Brusca si racconta in un lungo dialogo con don Marcello Cozzi, lucano, prete impegnato da decenni sul versante del disagio sociale, nell’educazione alla legalità, nel contrasto alle mafie e nell’accompagnamento ai pentiti di mafia e ai testimoni di giustizia. Un confronto dove non ci sono sconti sul passato di Brusca e la perdita di tante vittime innocenti, tra le quali il giudice Giovanni Falcone, la moglie e gli uomini della scorta. Ma don Cozzi, da uomo di Chiesa, guarda anche alla sofferenza di ‘Caino’: “Mi porto la ferma convinzione che ‘uno così’ resta una persona, nonostante tutto, nonostante il male commesso, la morte procurata, il dolore profuso, perché – lo dico da subito – non intendo rassegnarmi all’idea che in fondo la prima vittima di un carnefice è lui stesso”, sottolinea l’ex vicepresidente di Libera.

Senza chiedere di dimenticare le sue terribili responsabilità, Giovanni Brusca si apre raccontando il suo percorso, fin dagli inizi: “Fin da bambino ho convissuto con le forze di polizia”, racconta a don Cozzi, “a causa delle frequenti perquisizioni che venivano a farci in casa. E così è stato inevitabile farmi di loro un’idea pessima; i miei genitori, infatti, me li facevano vedere come fastidiosi e cattivi, come se tutti i guai giudiziari di mio padre fossero colpa loro”. “Se avessi avuto una scuola attenta, se quelli del Comune fossero venuti a cercarmi quando in quinta elementare mio padre mi ritirò dalla scuola per mandarmi dietro alle pecore, forse la mia vita non sarebbe andata come è andata e forse io non avrei pensato che era quello l’unico modo di vivere”. Forse.

Giovanni Falcone

Riflette così sul suo passato, lui fedelissimo di Totò Riina, lui che il 23 maggio 1992 premette il telecomando causando la strage di Capaci. Ricorda anche di quando faceva il chierichetto e accompagnava il suo parroco per le benedizioni: “A un certo punto però anche quel legame con la parrocchia si interruppe”. Sul suo ultimo periodo racconta: “Mi colpì quando, uscendo dalla questura per essere portato in carcere, trovai fuori dal portone gente normale, gente onesta, che applaudiva ai poliziotti, urlava e mi gridava dietro cose irripetibili: mostro, bestia e altre cose simili. Ecco, per la prima volta toccavo con mano quello che realmente le persone pensavano di me – e confida – Quando finalmente ho preso coscienza del male che ho fatto, allora per me è stato come entrare in un incubo senza fine”.

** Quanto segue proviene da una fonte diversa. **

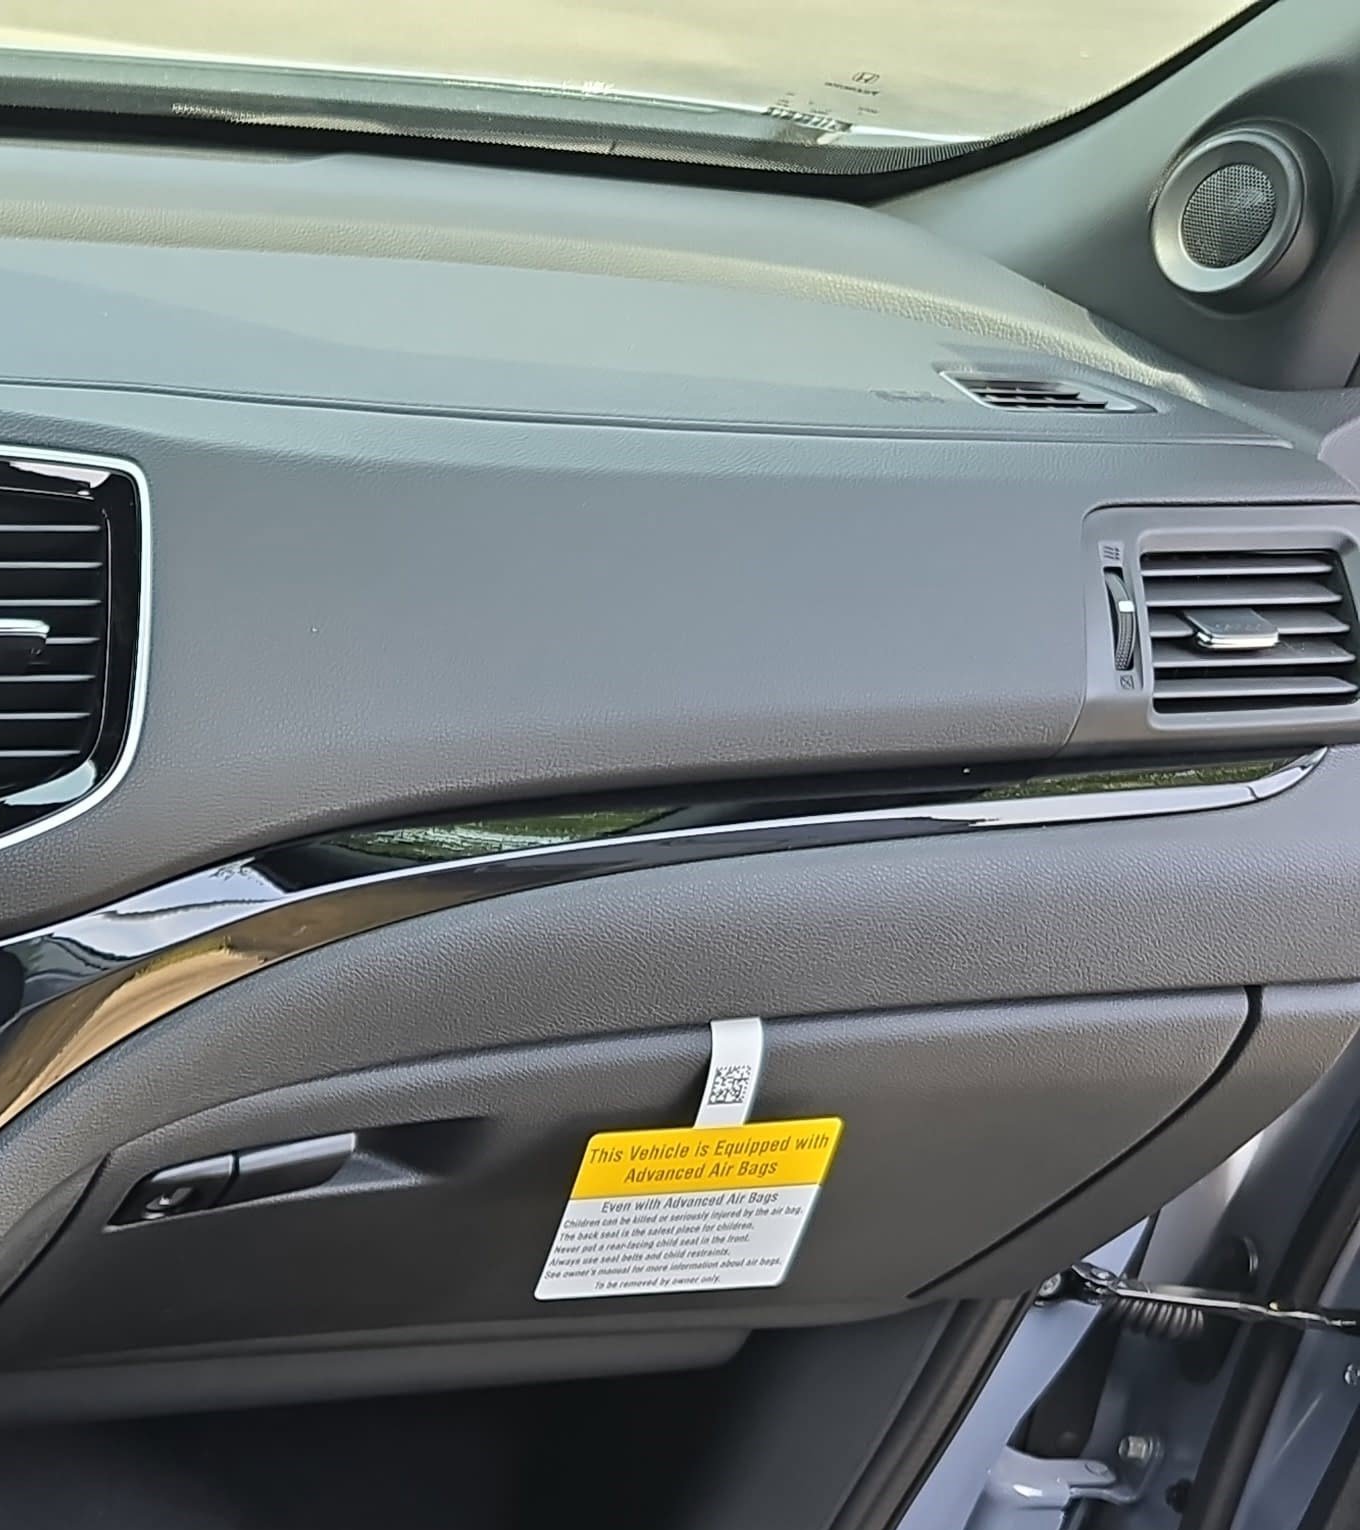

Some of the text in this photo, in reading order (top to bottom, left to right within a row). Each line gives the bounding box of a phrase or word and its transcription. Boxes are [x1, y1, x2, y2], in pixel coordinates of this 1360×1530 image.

[590, 1133, 829, 1164] This Vehicle is Equipped with
[625, 1161, 778, 1183] Advanced Air Bags
[601, 1192, 779, 1213] Even with Advanced Air Bags
[563, 1219, 600, 1229] Children
[602, 1218, 618, 1226] can
[620, 1216, 630, 1225] be
[632, 1215, 657, 1224] killed
[670, 1210, 709, 1221] seriously
[711, 1209, 740, 1220] injured
[743, 1208, 754, 1218] by
[755, 1207, 769, 1216] the
[770, 1207, 783, 1215] air
[785, 1206, 803, 1215] bag.
[560, 1222, 754, 1241] The back seat is the safest place for children.
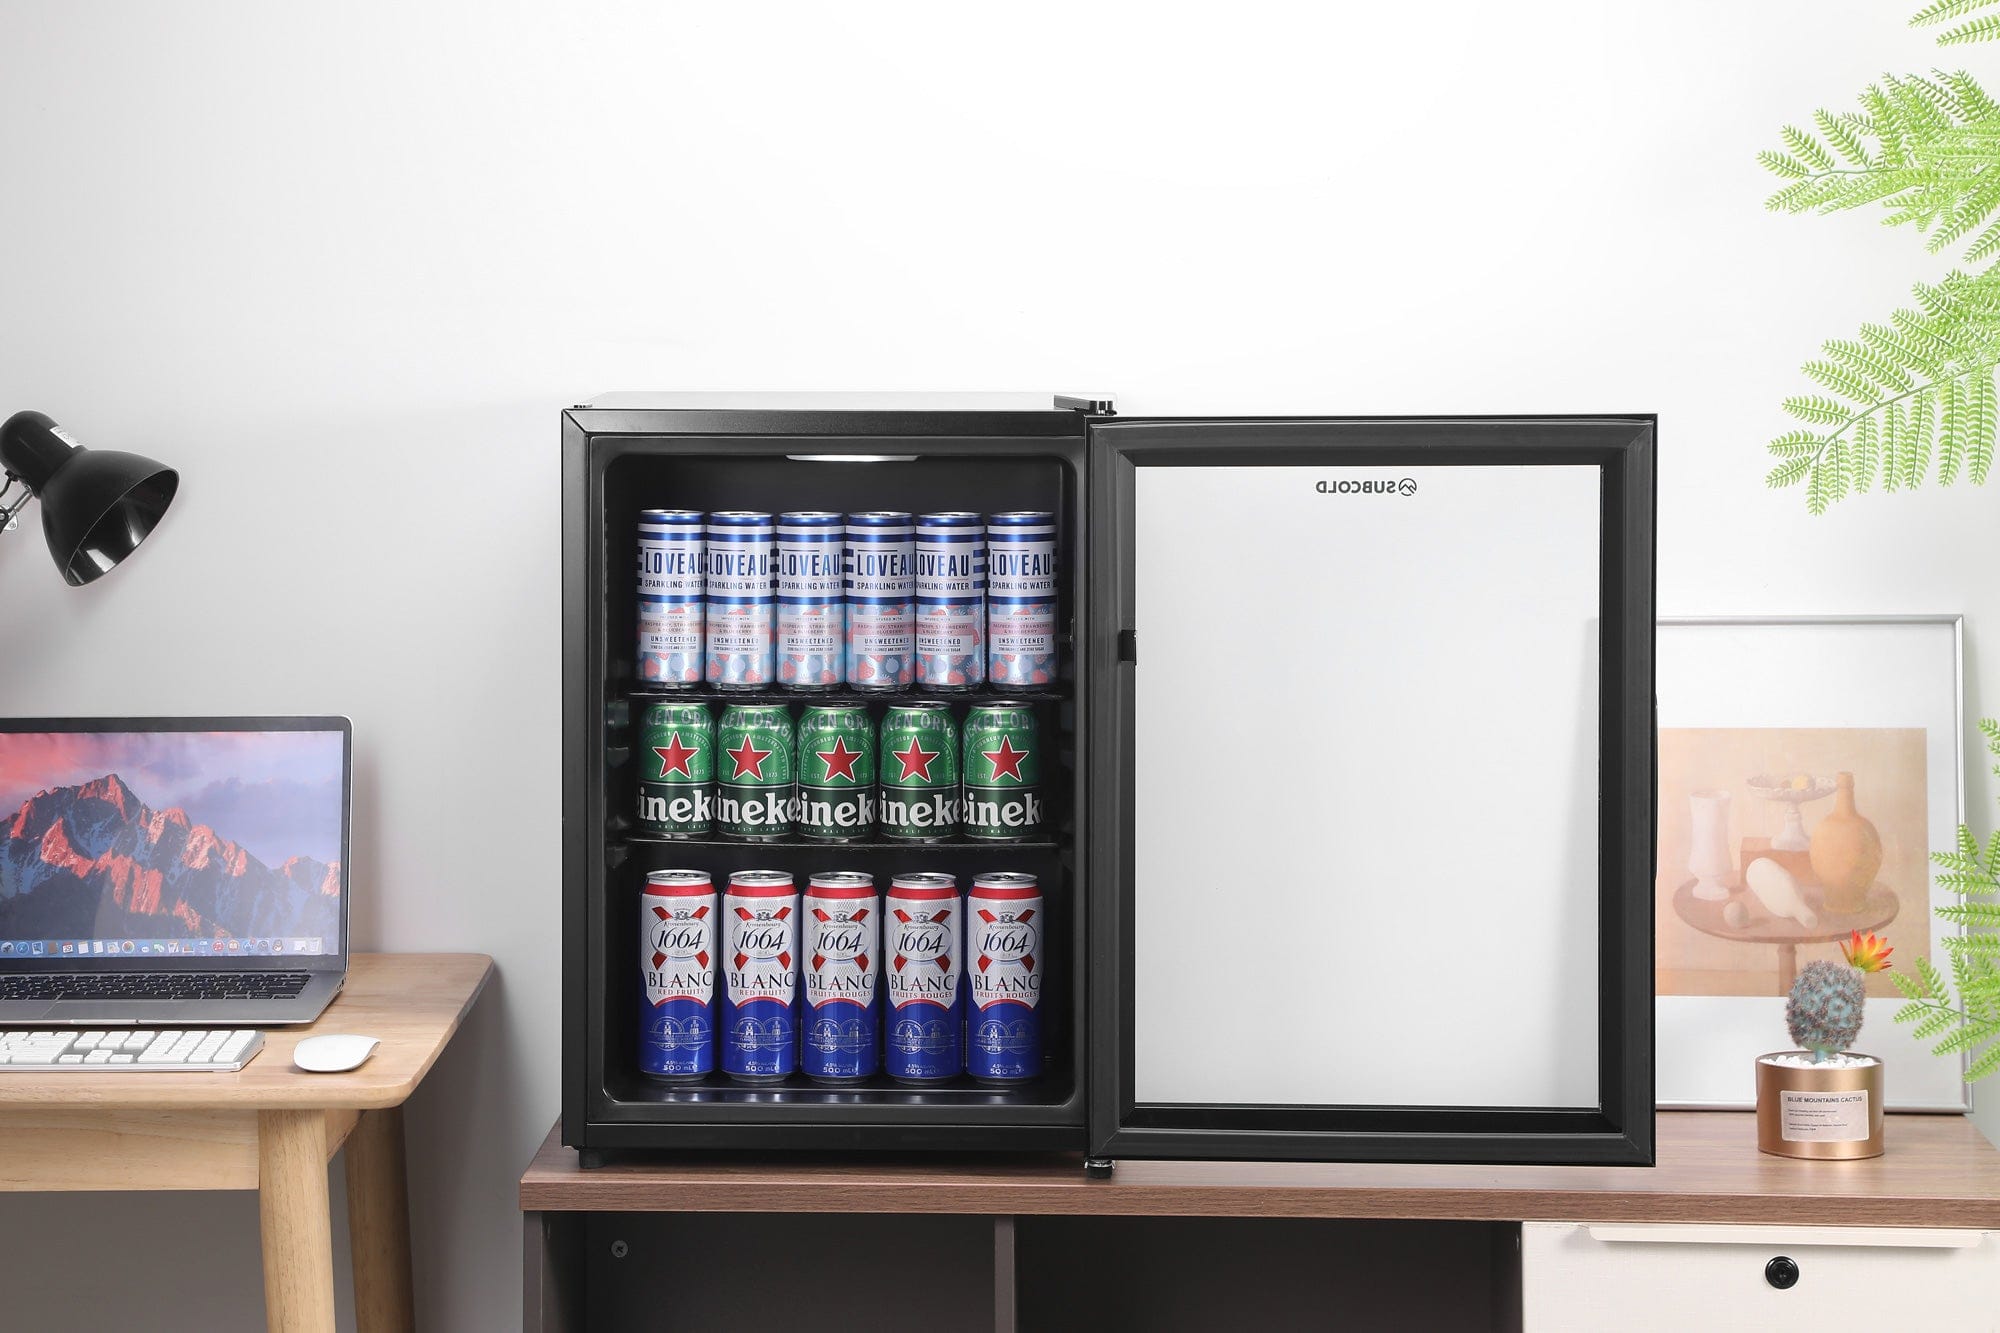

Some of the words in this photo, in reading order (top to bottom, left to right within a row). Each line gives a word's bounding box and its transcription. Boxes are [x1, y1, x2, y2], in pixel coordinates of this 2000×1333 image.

[645, 551, 704, 575] LOVEAU
[709, 553, 767, 576] LOVEAU
[781, 553, 840, 577] LOVEAU
[857, 553, 914, 577] LOVEAU
[992, 553, 1050, 576] LOVEAU
[645, 579, 683, 589] SPARKLING
[685, 580, 704, 588] WATER
[709, 581, 743, 590] SPARKLING
[744, 581, 767, 589] WATER
[781, 581, 818, 590] SPARKLING
[820, 581, 840, 590] WATER
[857, 582, 896, 590] SPARKLING
[945, 582, 970, 591] WATER
[992, 581, 1028, 590] SPARKLING
[1029, 581, 1051, 590] WATER
[657, 927, 704, 950] 1664
[739, 927, 786, 950] 1664
[817, 929, 864, 952] 1664
[898, 930, 945, 953] 1664
[983, 930, 1030, 953] 1664
[648, 971, 713, 988] BLANC
[730, 971, 794, 989] BLANC
[808, 973, 873, 990] BLANC
[890, 974, 955, 992] BLANC
[974, 974, 1038, 992] BLANC
[892, 990, 918, 998] FRUITS
[920, 991, 953, 999] ROUGES
[976, 990, 1003, 998] FRUITS

“Leggere il viaggio che ci propone don Marcello Cozzi è avere il coraggio di spogliarsi dai pregiudizi, dal bianco e dal nero, dalla condanna scontata, dall’essere il popolo che polarizza tutto”, sottolinea nella prefazione Paolo Borrometi, giornalista che ha condotto molte inchieste sulla mafia e che per questo ha subito pesanti minacce, oggi condirettore dell’Agi.